MODESTO, CALIF. God's word, Mom's pen
Debbie Boling called writing out the Bible for her children a labor of love.
SACRAMENTO BEE
Debbie Boling wanted her two children to understand the value of the Bible. So she handwrote two copies of the New Testament -- one each for her son and daughter -- and presented it to them when they graduated from high school.
Now that her daughter and son have graduated from college, she has written them copies of the Old Testament -- each copy containing about 6,000 handwritten pages.
"I wanted to give them the type of Bible that would really mean a lot to them, a way of showing the importance that I put in the word of God," said Boling, 48, of Modesto.
She wrote out the books of the Old and New Testament on lined, pastel-colored paper. Each page is sheathed in a protective plastic sleeve and placed in a binder.
Some binders -- such as those containing the New Testament or the Old Testament books of Joshua through Esther -- are 4 inches thick. There are 12 binders in all: five for each Old Testament, one for each New Testament.
Decadelong project
Boling started the project when her son, Joshua, was a sophomore in high school. She has worked on it for about 10 years -- and gone through about 500 pens in the process.
"A co-worker told me, 'This is obsessive; you need some help,'" Boling said. "I thought, 'It's better to be obsessed with this than something else. It's not an obsession to me. It is love, a love for God's word.'"

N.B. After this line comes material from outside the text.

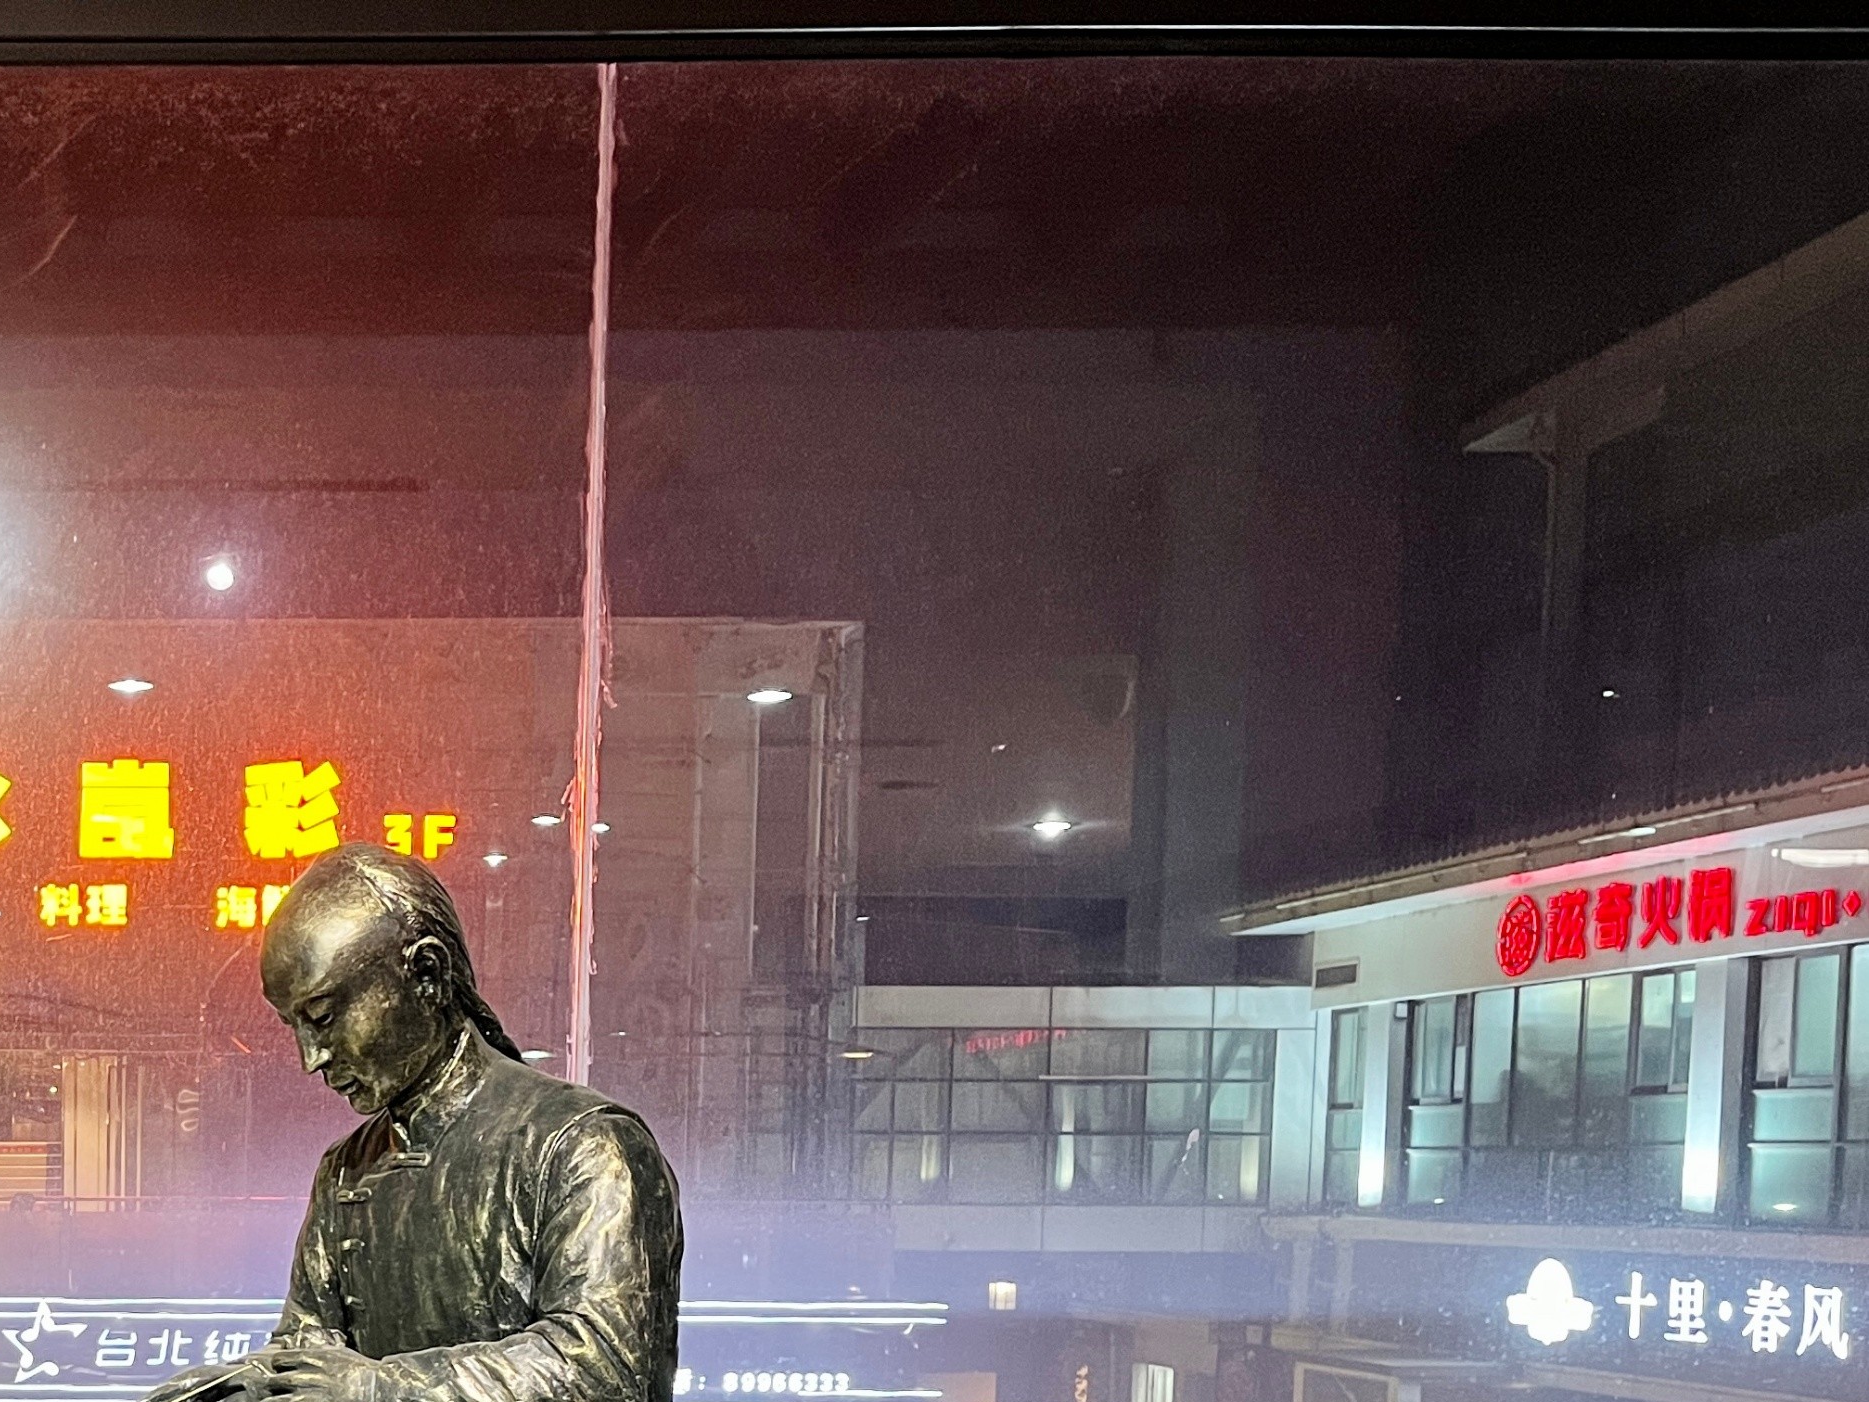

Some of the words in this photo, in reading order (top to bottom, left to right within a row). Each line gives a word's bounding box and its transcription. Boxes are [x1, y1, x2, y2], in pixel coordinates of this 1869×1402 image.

[383, 814, 456, 860] 3F
[39, 884, 128, 926] 料理
[95, 1328, 273, 1367] 台北纯

Boling's first copy of the New Testament -- all of the books are from the New International Version -- took about three years. Her second, written with the looming deadline of her daughter's high school graduation, took two months. Her first Old Testament took nearly four years. The second, a little over a year, as she rushed to finish in time for her children's May graduation from Life Pacific College, a San Dimas, Calif., Bible college.
"I work well under pressure," said Boling, who wrote the Bibles whenever and wherever she could -- in her lap during car trips, at a table at home or during lunch breaks from her job as a high school health clerk.

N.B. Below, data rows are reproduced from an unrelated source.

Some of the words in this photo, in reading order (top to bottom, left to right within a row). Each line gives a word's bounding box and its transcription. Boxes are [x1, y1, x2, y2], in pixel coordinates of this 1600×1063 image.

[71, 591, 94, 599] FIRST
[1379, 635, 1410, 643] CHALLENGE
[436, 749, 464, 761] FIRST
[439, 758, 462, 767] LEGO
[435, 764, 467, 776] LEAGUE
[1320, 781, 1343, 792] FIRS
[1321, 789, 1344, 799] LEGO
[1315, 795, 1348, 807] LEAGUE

She wrote meticulously, redoing entire pages if she made a mistake. During the past year, Boling averaged about four Bible pages a day -- or six handwritten pages.
Children's gratitude
"That takes up so much time, and nowadays time is so valuable," said Boling's 22-year-old daughter, Andrea. "To spend 10 years on a project for your children. ... I open it up and it's just like, 'Wow, that's so cool.' "
Andrea will pursue a master's degree in teaching. Joshua, 24, has begun work as a youth pastor at a Yuba City, Calif., church.

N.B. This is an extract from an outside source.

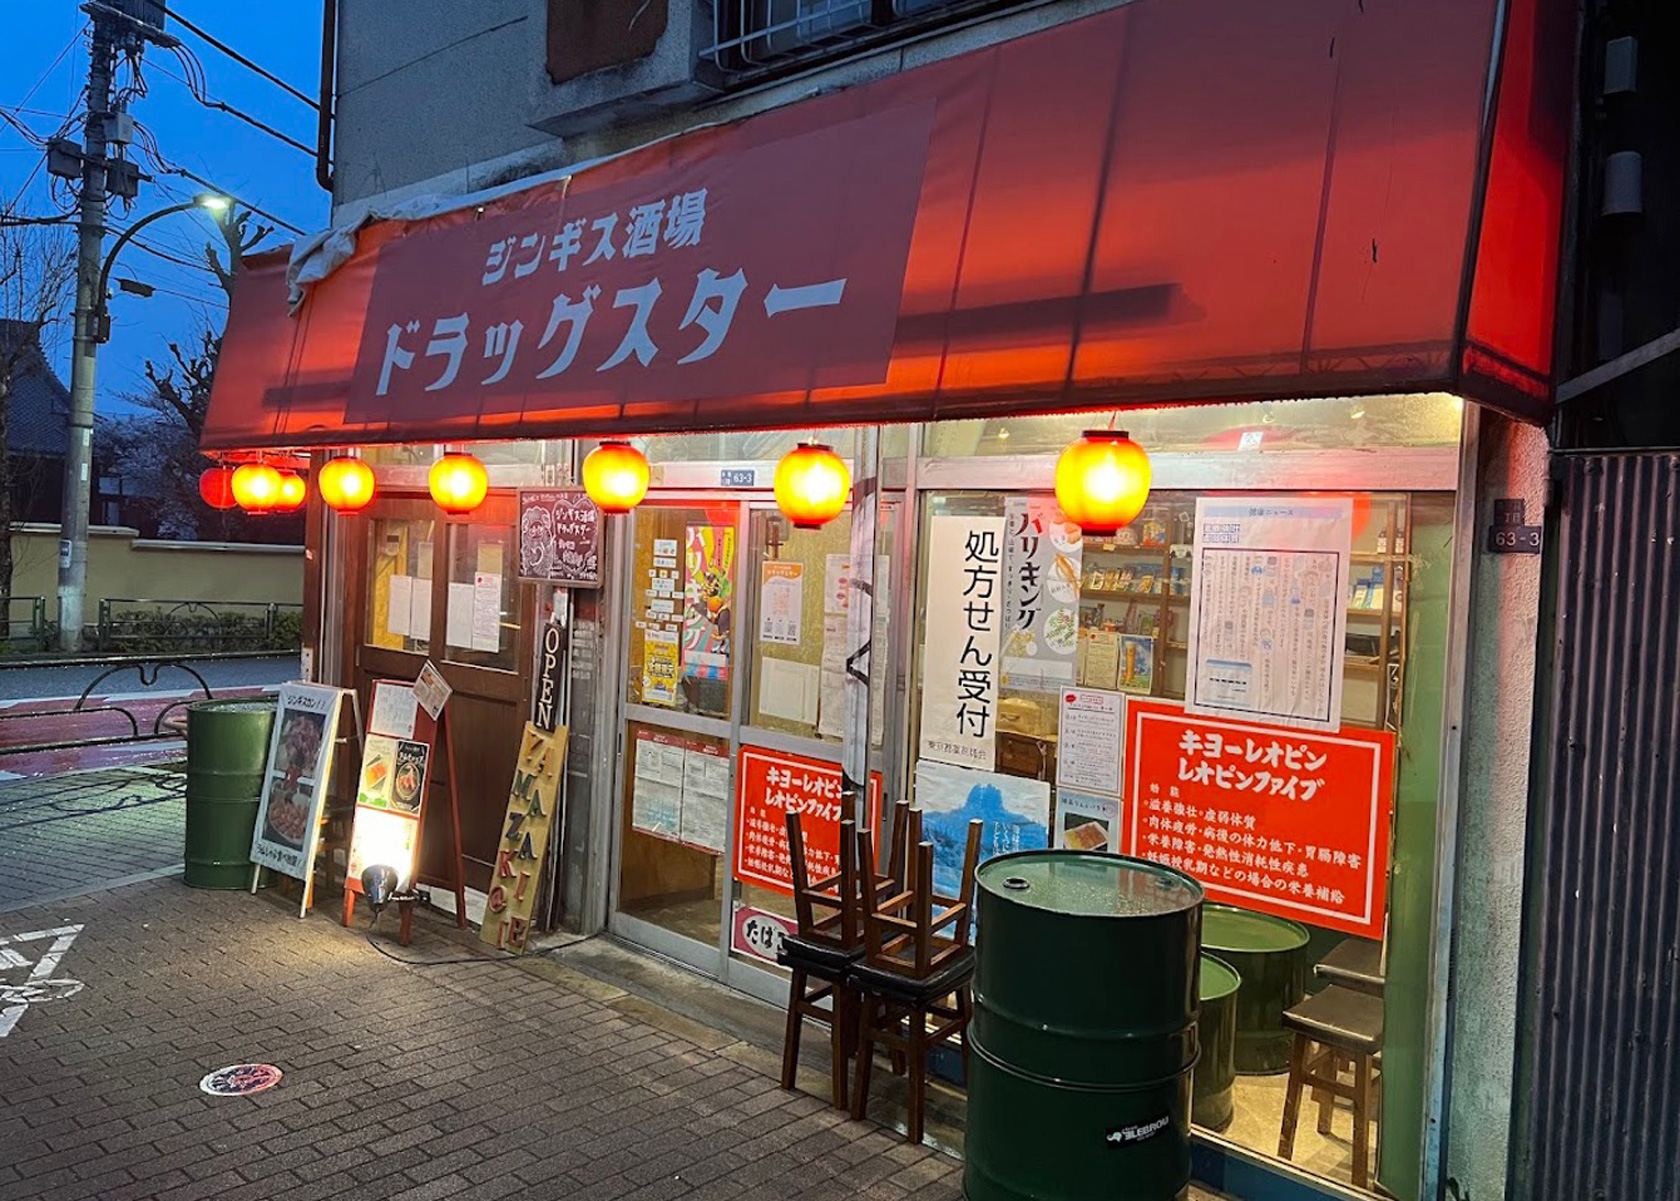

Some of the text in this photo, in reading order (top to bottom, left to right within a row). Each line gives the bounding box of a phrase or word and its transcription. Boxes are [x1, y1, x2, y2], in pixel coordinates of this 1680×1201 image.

"This is something that you think of getting from your great-grandma," Joshua said. "I will probably put it in my office, and put it right there so I can see it every day as a daily reminder of how important the word of God is. I will hand it down to my children, just like an heirloom."
Debbie Boling is an ordained Foursquare minister who, like her husband, William, is an assistant pastor. Boling also lectures on her family's collection of historic Bibles.
Boling's labor of love has nurtured her own faith, too.
Reading Scripture closely as she copied it, Boling grew familiar with stories, historic contexts and details she hadn't known or had forgotten.
Boling says she thinks her project -- as enormous as it seems -- is something "anybody can do. My challenge isn't so much for everybody to write the Bible as it is to see the importance of it, not only reading the Word but living the Word and being that example to other people, whether your own children or other people you influence."